(What you should do):
The answer should be every line below, repeated exactly, with the images left out.
[[ Supplied data, beginning ]]
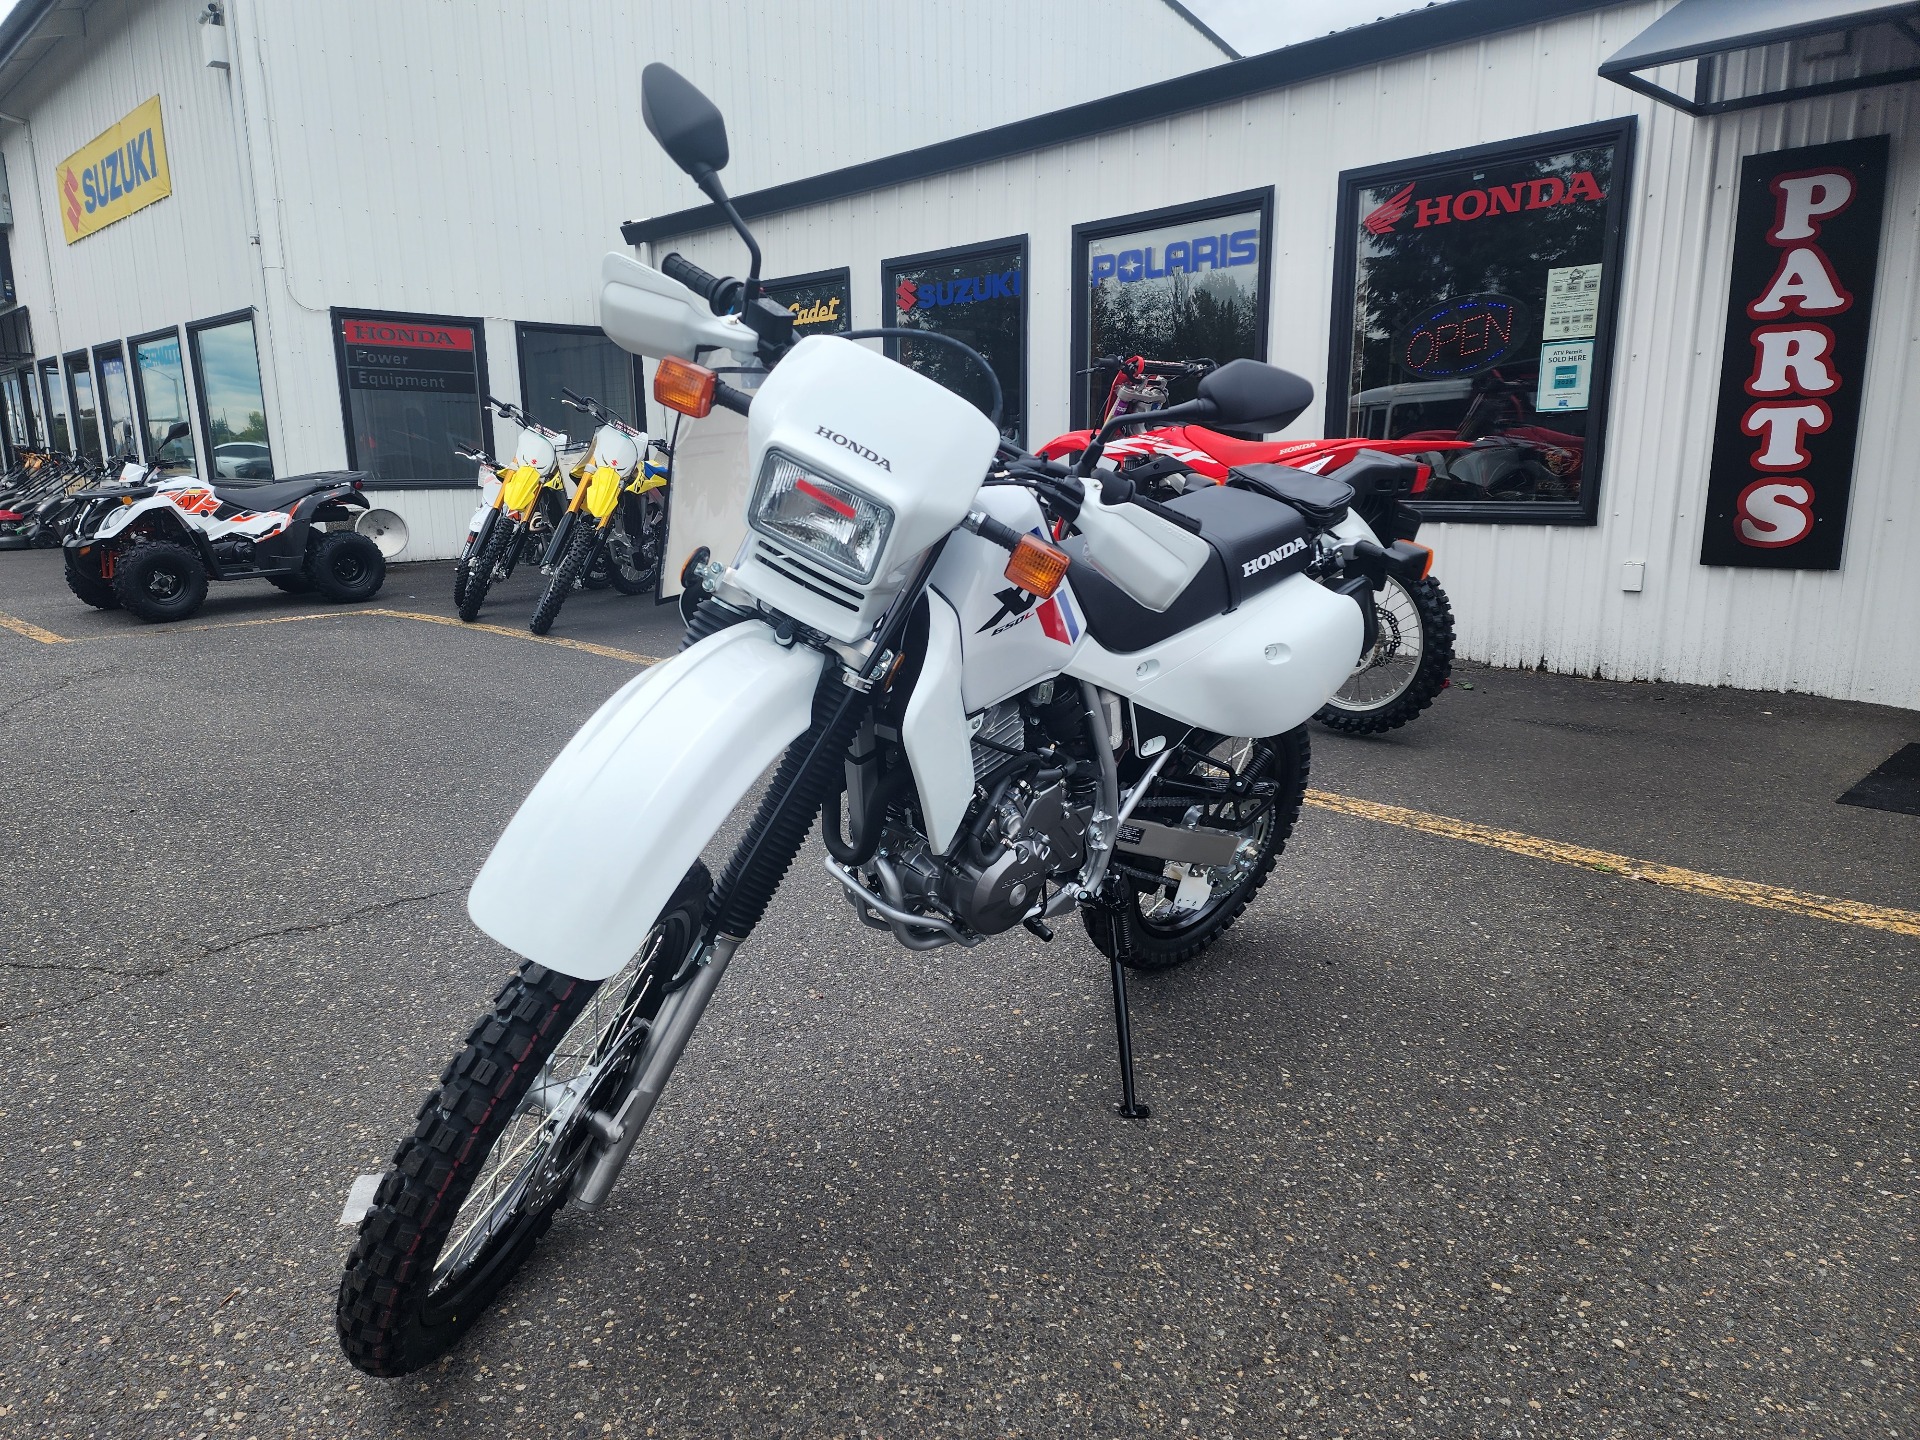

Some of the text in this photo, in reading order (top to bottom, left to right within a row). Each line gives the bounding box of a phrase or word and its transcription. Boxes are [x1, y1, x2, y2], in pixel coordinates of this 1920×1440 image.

[82, 128, 158, 214] SUZUKI
[1414, 171, 1605, 229] HONDA
[1092, 229, 1257, 288] POLARIS
[918, 270, 1021, 309] SUZUKI
[353, 325, 455, 345] HONDA
[1407, 305, 1514, 368] OPEN
[356, 349, 408, 365] Power
[1568, 354, 1587, 362] HERE
[1737, 170, 1854, 545] PARTS
[359, 371, 446, 389] Equipment
[815, 425, 892, 473] HONDA
[1279, 442, 1317, 455] HONDA
[1241, 536, 1308, 578] HONDA
[991, 611, 1035, 637] 650L
[[ Supplied data, end ]]
(Reply):
Some of the text in this photo, in reading order (top to bottom, left to right within a row). Each line gives the bounding box of a phrase or word and its transcription. Boxes are [x1, y1, x2, y2], in pixel coordinates of this 1920×1440 image.

[82, 128, 158, 214] SUZUKI
[1414, 171, 1605, 229] HONDA
[1092, 229, 1257, 288] POLARIS
[918, 270, 1021, 309] SUZUKI
[353, 325, 455, 345] HONDA
[1407, 305, 1514, 368] OPEN
[356, 349, 408, 365] Power
[1568, 354, 1587, 362] HERE
[1737, 170, 1854, 545] PARTS
[359, 371, 446, 389] Equipment
[815, 425, 892, 473] HONDA
[1279, 442, 1317, 455] HONDA
[1241, 536, 1308, 578] HONDA
[991, 611, 1035, 637] 650L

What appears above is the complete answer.